EXERCISE ::
Could you return all of the entries word for word, minus any pictures?

(Collected data)
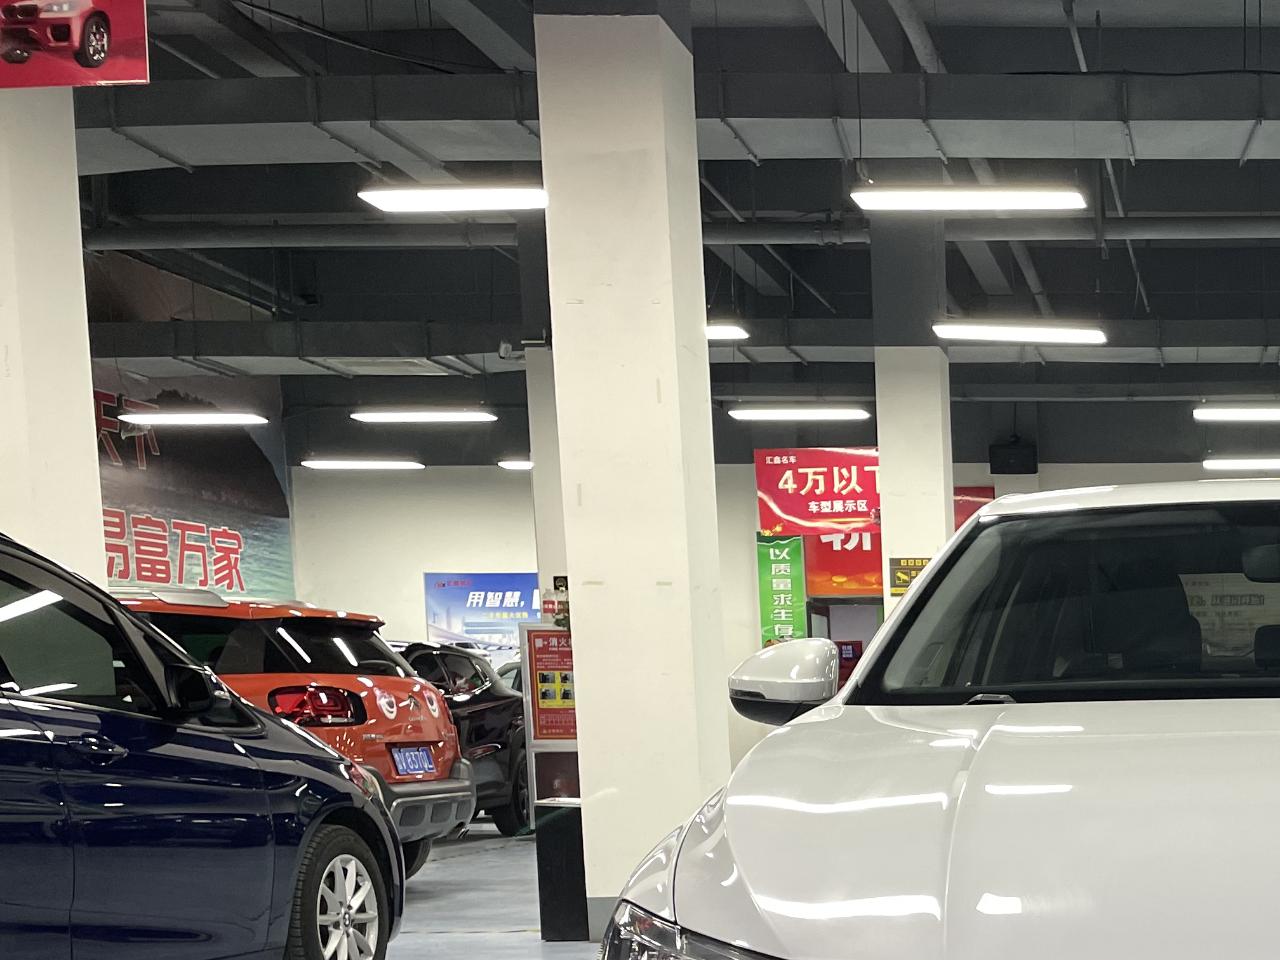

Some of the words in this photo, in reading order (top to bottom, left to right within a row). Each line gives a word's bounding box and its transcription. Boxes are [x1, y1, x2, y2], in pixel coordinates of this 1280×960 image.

[765, 455, 797, 464] 汇鑫名车
[808, 499, 869, 513] 车型展示区
[769, 547, 794, 637] 以质量求生存
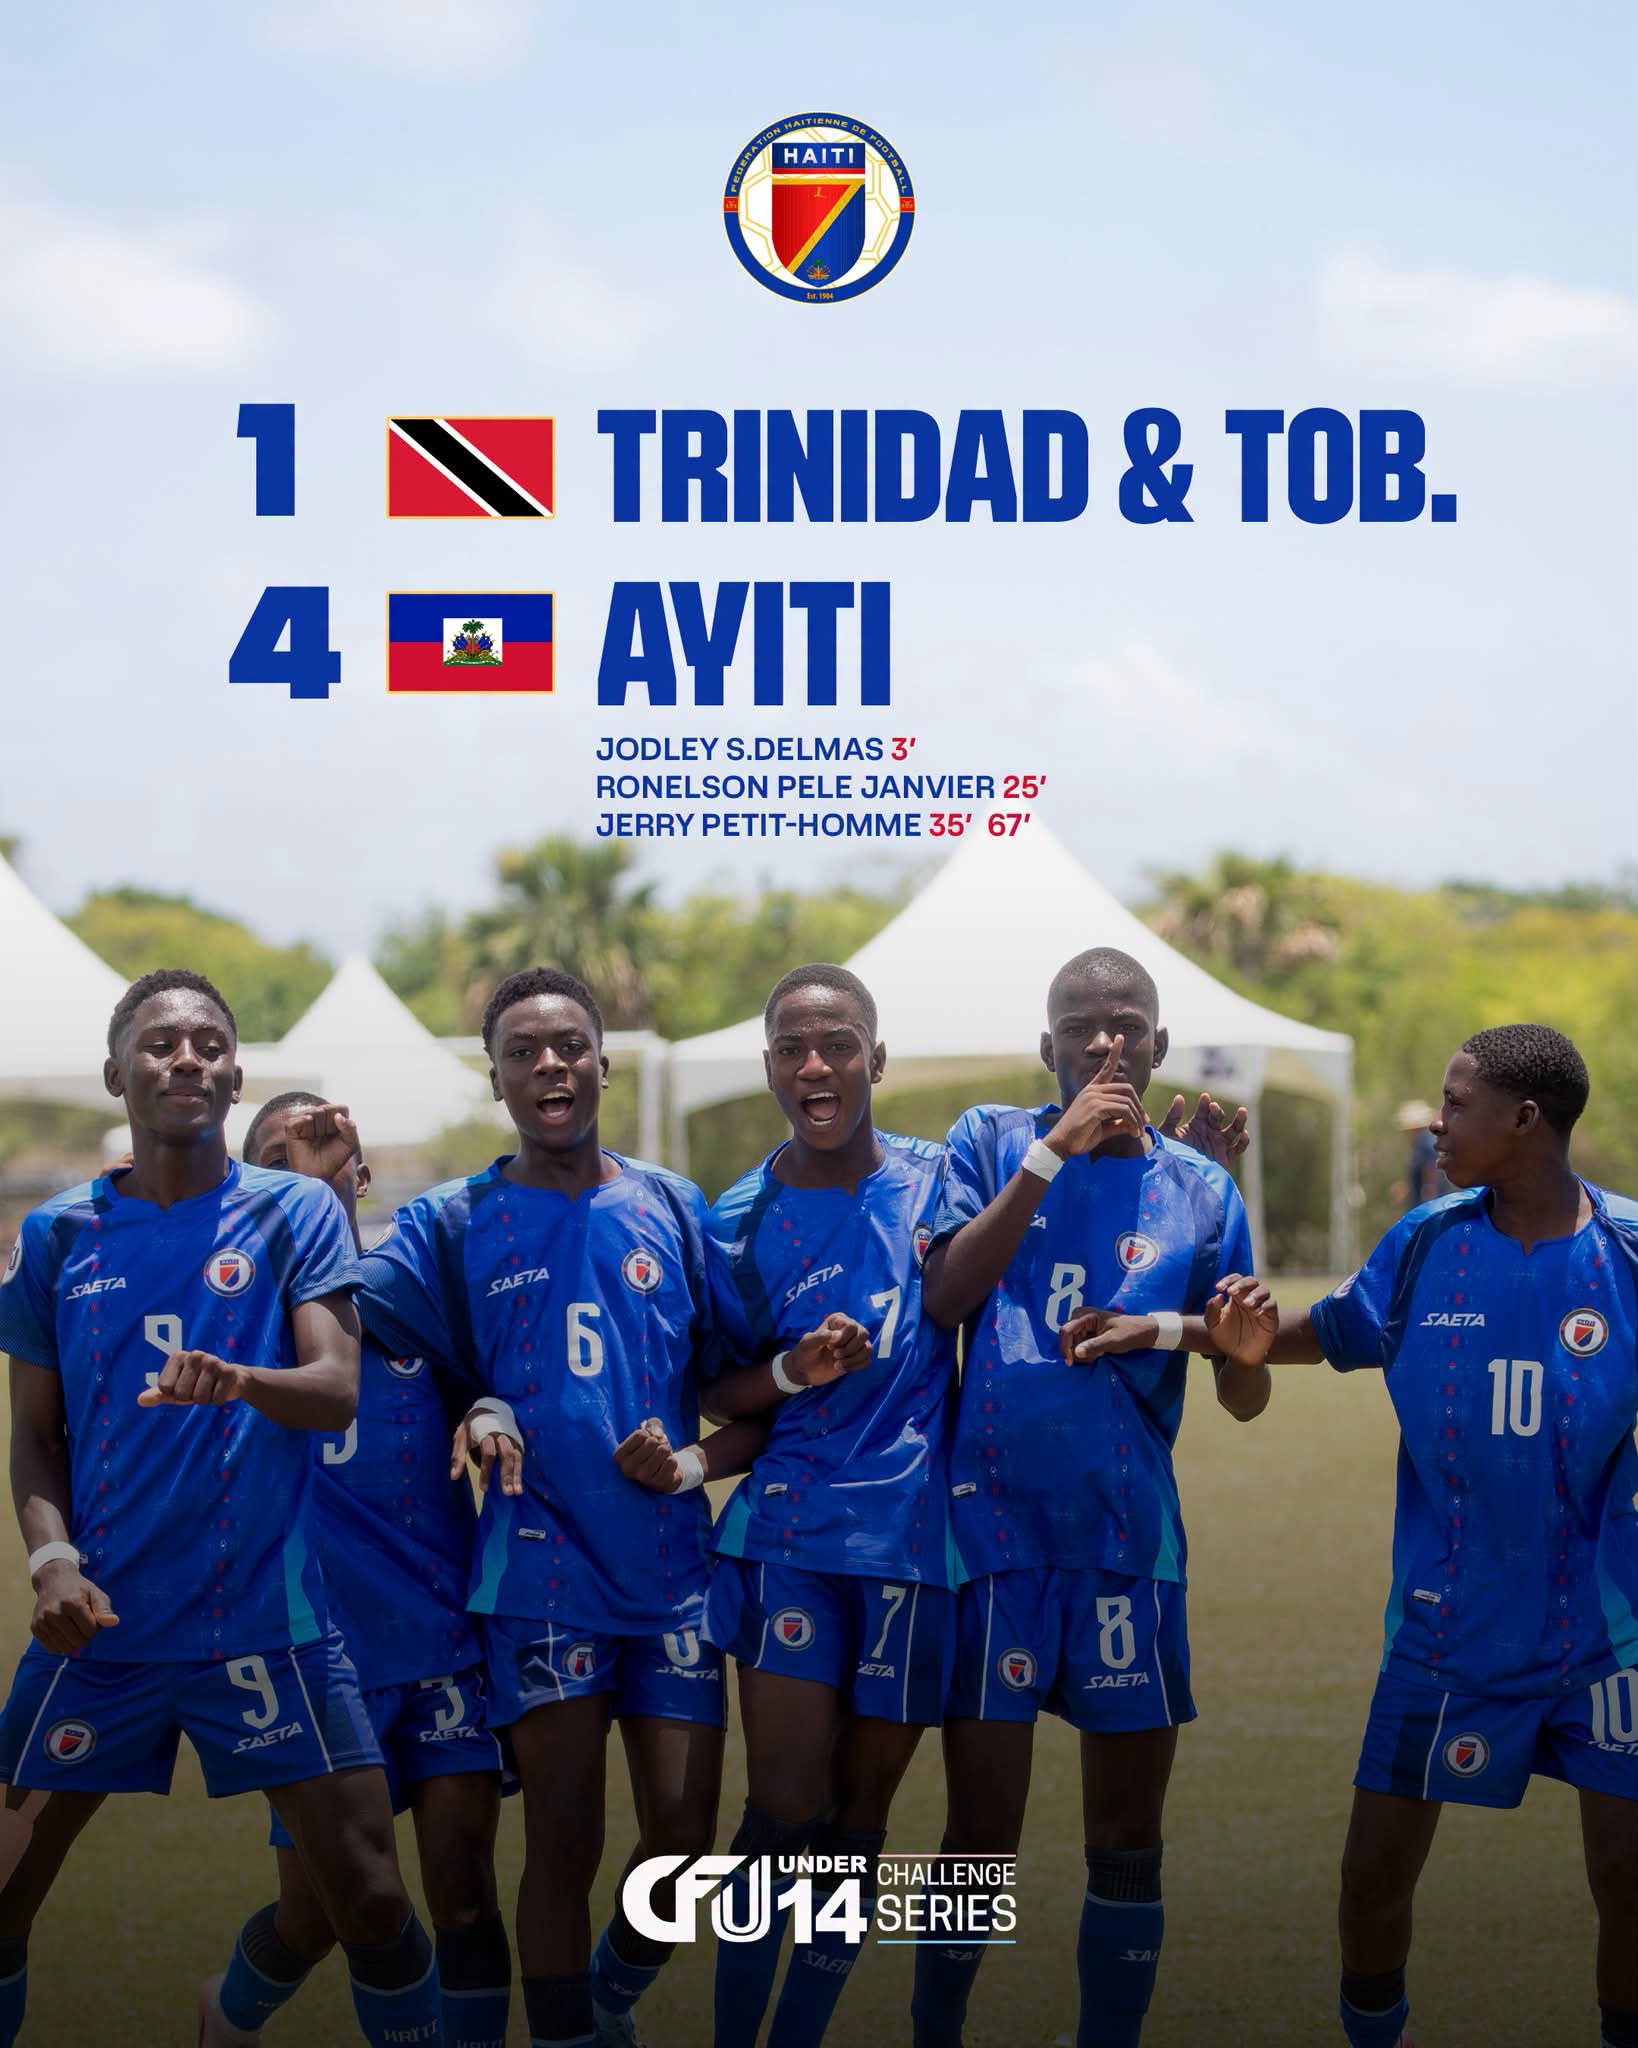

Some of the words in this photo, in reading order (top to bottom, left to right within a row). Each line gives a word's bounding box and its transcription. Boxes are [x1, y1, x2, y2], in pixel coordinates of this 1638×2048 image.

[65, 1276, 127, 1300] SAETA
[486, 1267, 550, 1297] SAETA
[783, 1263, 844, 1308] SAETA
[1044, 1262, 1087, 1335] 8
[566, 1302, 604, 1377] 6
[869, 1284, 901, 1359] 7
[1419, 1313, 1486, 1327] SAETA
[1488, 1358, 1544, 1438] 10
[870, 1584, 908, 1660] 7
[1096, 1595, 1136, 1669] 8
[225, 1654, 280, 1730] 9
[1082, 1671, 1150, 1689] SAETA
[232, 1720, 304, 1755] SAETA
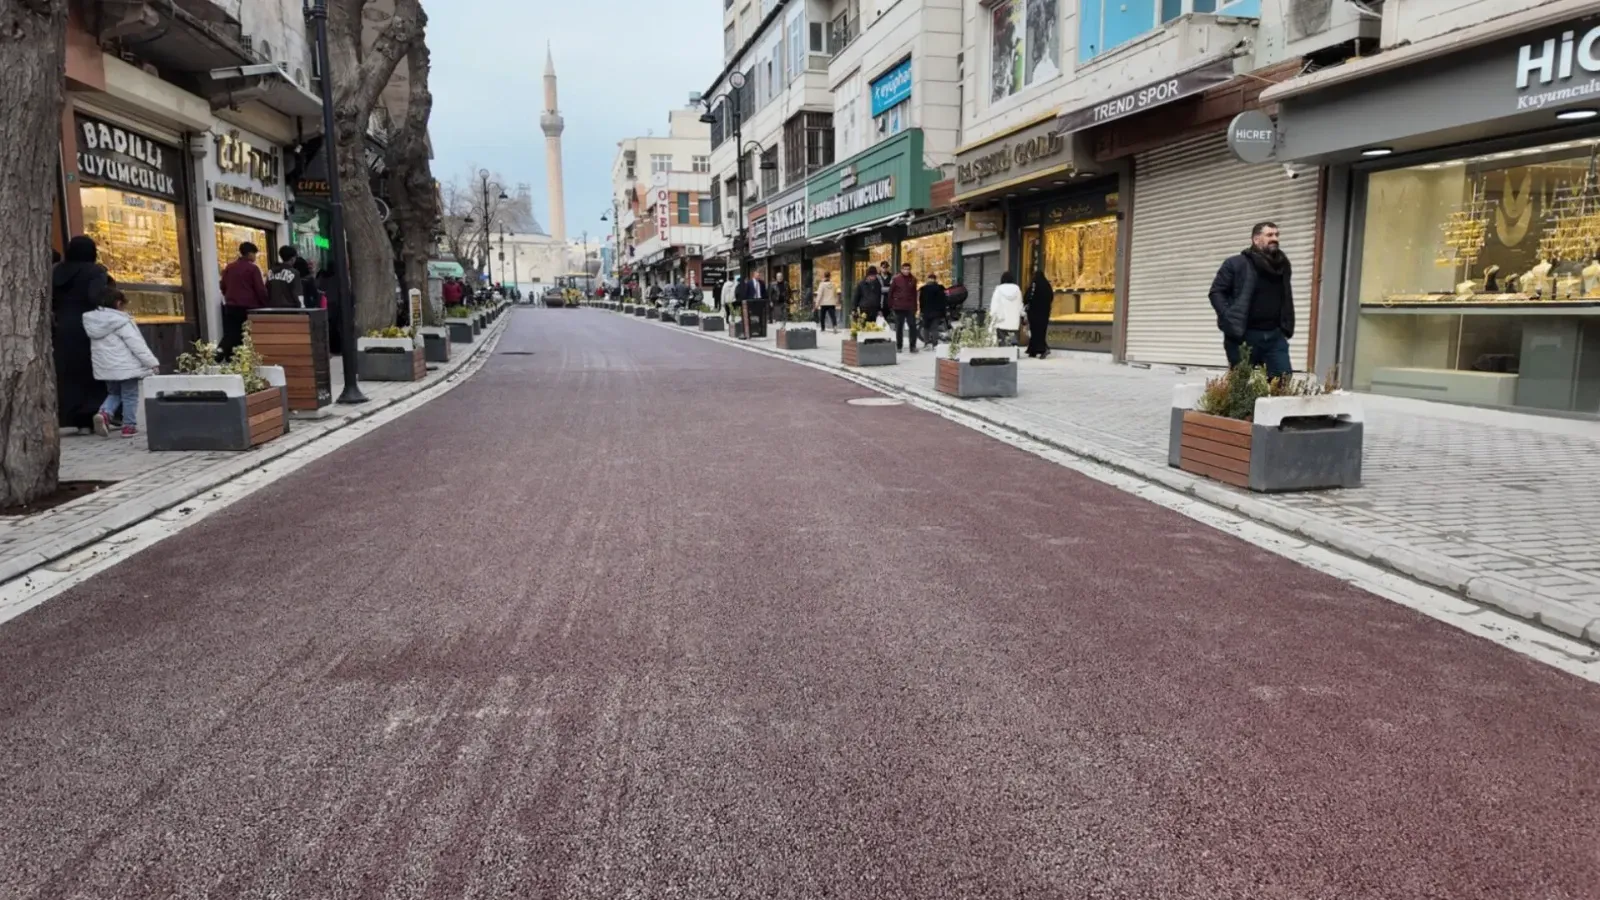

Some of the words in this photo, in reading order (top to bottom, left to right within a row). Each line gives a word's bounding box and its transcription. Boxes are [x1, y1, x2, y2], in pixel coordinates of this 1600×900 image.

RESULT OF THIS TASK ::
Some of the words in this photo, in reading order (top to bottom, left to right within a row). Each line gives a word's bounding box and its transcription. Boxes are [x1, y1, x2, y2], in pixel coordinates of this 1280×960 image.

[765, 455, 797, 464] 汇鑫名车
[808, 499, 869, 513] 车型展示区
[769, 547, 794, 637] 以质量求生存

Some of the words in this photo, in reading order (top to bottom, left to right within a row). Each line gives a word's bounding box and its transcription. Boxes are [x1, y1, x2, y2], in pixel coordinates of this 1638×2048 image.

[65, 1276, 127, 1300] SAETA
[486, 1267, 550, 1297] SAETA
[783, 1263, 844, 1308] SAETA
[1044, 1262, 1087, 1335] 8
[566, 1302, 604, 1377] 6
[869, 1284, 901, 1359] 7
[1419, 1313, 1486, 1327] SAETA
[1488, 1358, 1544, 1438] 10
[870, 1584, 908, 1660] 7
[1096, 1595, 1136, 1669] 8
[225, 1654, 280, 1730] 9
[1082, 1671, 1150, 1689] SAETA
[232, 1720, 304, 1755] SAETA

Some of the words in this photo, in reading order (top to bottom, left to right within a row). Each line gives a word's bounding box and its transcription. Boxes are [x1, y1, x2, y2], in pixel coordinates of this 1600×900 image.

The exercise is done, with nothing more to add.